CVE-2025-48879: 
Python vulnerability analysis and mitigation

CVE-2025-48879 affects OctoPrint versions up to and including 1.11.1, discovered on June 10, 2025. The vulnerability allows any unauthenticated attacker to send a manipulated broken multipart/form-data request to OctoPrint, causing the web server component to become unresponsive (GitHub Advisory).

The vulnerability exists in the octoprint.server.util.tornado.UploadStorageFallbackHandler request handler. When processing multipart/form-data requests lacking an end boundary, the handler enters an endless busy loop while searching for non-existent request parts.
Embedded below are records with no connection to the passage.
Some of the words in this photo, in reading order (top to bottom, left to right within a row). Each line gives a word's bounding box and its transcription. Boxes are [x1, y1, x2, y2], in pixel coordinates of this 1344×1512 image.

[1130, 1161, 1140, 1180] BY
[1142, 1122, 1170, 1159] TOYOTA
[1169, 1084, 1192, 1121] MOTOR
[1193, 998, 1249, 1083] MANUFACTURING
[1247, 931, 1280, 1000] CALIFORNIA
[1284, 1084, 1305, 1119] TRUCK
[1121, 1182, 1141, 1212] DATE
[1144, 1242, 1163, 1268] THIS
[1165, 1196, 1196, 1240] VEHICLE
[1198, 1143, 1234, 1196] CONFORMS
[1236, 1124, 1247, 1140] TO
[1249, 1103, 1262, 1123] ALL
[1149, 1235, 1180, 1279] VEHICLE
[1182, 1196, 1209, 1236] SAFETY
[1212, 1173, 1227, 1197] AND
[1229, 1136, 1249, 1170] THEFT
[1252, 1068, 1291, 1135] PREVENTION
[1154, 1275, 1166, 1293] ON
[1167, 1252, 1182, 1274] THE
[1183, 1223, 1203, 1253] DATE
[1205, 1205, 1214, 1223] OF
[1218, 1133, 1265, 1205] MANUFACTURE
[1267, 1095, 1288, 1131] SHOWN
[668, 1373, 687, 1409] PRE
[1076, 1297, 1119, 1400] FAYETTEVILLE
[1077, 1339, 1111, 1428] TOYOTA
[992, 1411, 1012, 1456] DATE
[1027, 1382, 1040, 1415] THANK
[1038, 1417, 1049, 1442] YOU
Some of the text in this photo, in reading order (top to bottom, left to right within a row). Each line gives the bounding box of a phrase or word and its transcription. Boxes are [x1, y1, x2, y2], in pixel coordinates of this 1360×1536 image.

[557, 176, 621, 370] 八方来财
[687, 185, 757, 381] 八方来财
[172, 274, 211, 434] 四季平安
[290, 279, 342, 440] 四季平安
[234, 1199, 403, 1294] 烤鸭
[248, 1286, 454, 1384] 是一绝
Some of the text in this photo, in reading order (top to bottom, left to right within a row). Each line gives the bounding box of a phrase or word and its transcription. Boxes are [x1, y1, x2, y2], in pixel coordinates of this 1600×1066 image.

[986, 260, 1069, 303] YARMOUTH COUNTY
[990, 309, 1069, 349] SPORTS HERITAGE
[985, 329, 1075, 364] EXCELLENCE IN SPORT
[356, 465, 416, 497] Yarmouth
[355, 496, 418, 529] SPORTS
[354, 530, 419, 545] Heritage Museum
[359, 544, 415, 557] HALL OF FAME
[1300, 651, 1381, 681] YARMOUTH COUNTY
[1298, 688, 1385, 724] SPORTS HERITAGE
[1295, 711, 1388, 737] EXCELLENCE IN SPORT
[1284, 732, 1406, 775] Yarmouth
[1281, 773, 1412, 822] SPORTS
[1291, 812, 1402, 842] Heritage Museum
Due to Tornado's single-threaded nature, this blocks the entire web server. The vulnerability has been assigned a CVSS v3.1 score of 6.5 (Moderate) with vector AV:A/AC:L/PR:N/UI:N/S:U/C:N/I:N/A:H, indicating adjacent network attack vector, low complexity, no privileges required, and high impact on availability (GitHub Advisory).

The vulnerability can be exploited to conduct a denial of service attack on the OctoPrint server, making the web server component completely unresponsive. Since Tornado is single-threaded, the endless loop effectively blocks all web server functionality (GitHub Advisory).

The vulnerability has been patched in OctoPrint version 1.11.2, which adds detection of invalid requests and handles them gracefully with an HTTP 400 Bad Request response. As a workaround, administrators are advised not to expose OctoPrint to hostile networks like the internet, regardless of whether this vulnerability is patched (GitHub Advisory).

The vulnerability was discovered and responsibly disclosed to OctoPrint by Jacopo Tediosi (GitHub Advisory).